*** SUPPLIED MATERIAL

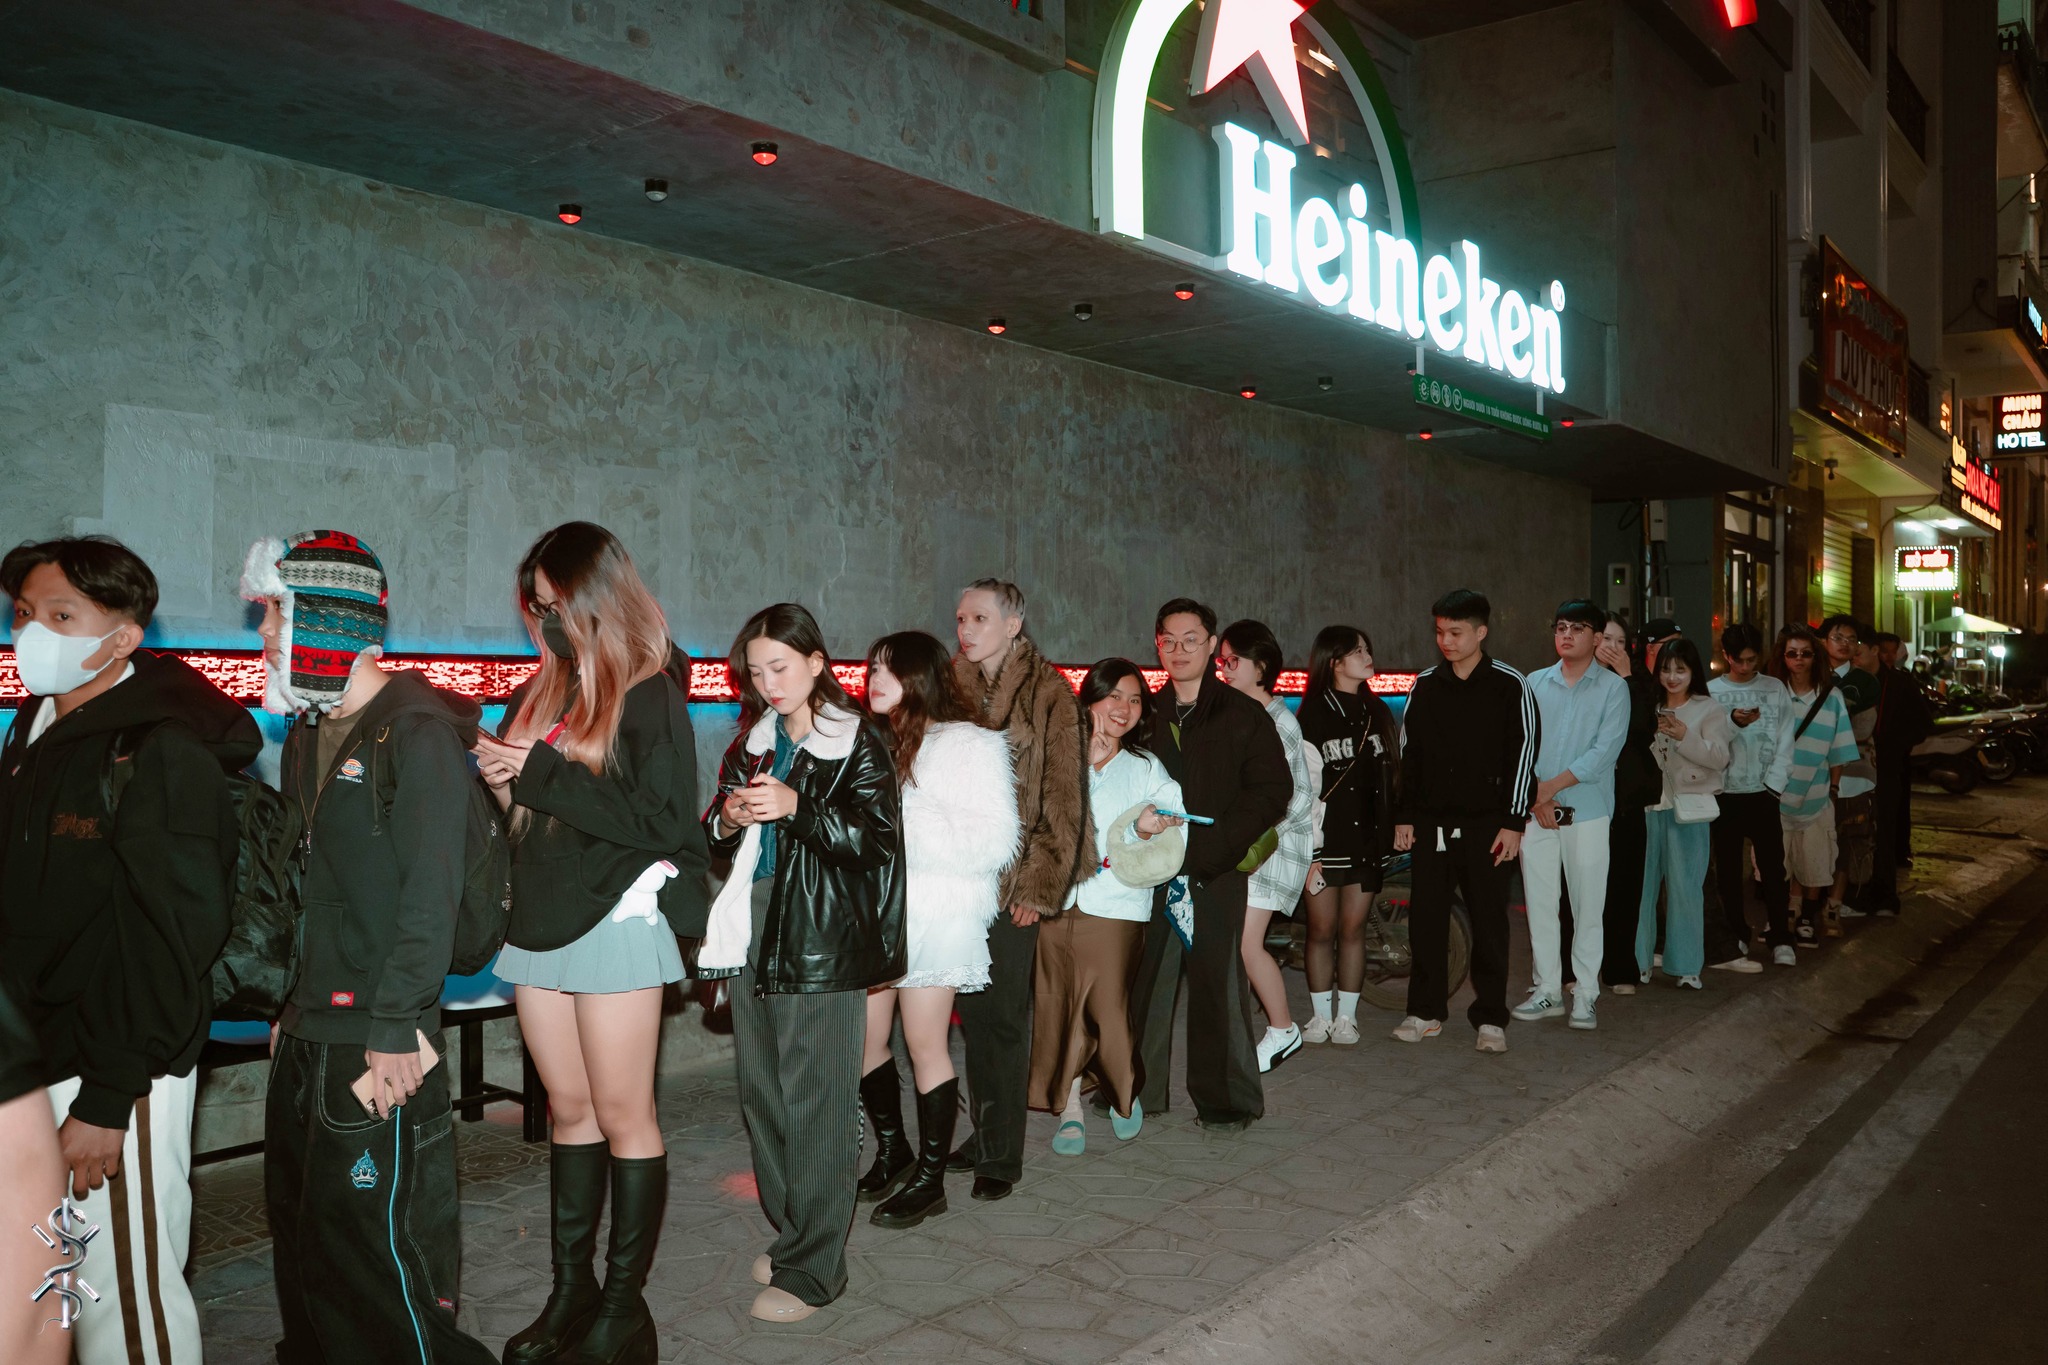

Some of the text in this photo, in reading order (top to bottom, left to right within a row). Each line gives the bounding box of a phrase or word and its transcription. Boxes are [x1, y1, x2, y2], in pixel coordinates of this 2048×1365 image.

[1223, 121, 1566, 394] Heineken
[1836, 329, 1869, 398] DUY
[2002, 394, 2041, 412] MINH
[2002, 410, 2041, 430] CHÂU
[1997, 431, 2046, 449] HOTEL

******

### TASK BRIEF
Write out the records exactly. Do not carry the pictures over.

### SOLUTION BELOW
Some of the text in this photo, in reading order (top to bottom, left to right within a row). Each line gives the bounding box of a phrase or word and its transcription. Boxes are [x1, y1, x2, y2], in pixel coordinates of this 2048×1365 image.

[1223, 121, 1566, 394] Heineken
[1836, 329, 1869, 398] DUY
[2002, 394, 2041, 412] MINH
[2002, 410, 2041, 430] CHÂU
[1997, 431, 2046, 449] HOTEL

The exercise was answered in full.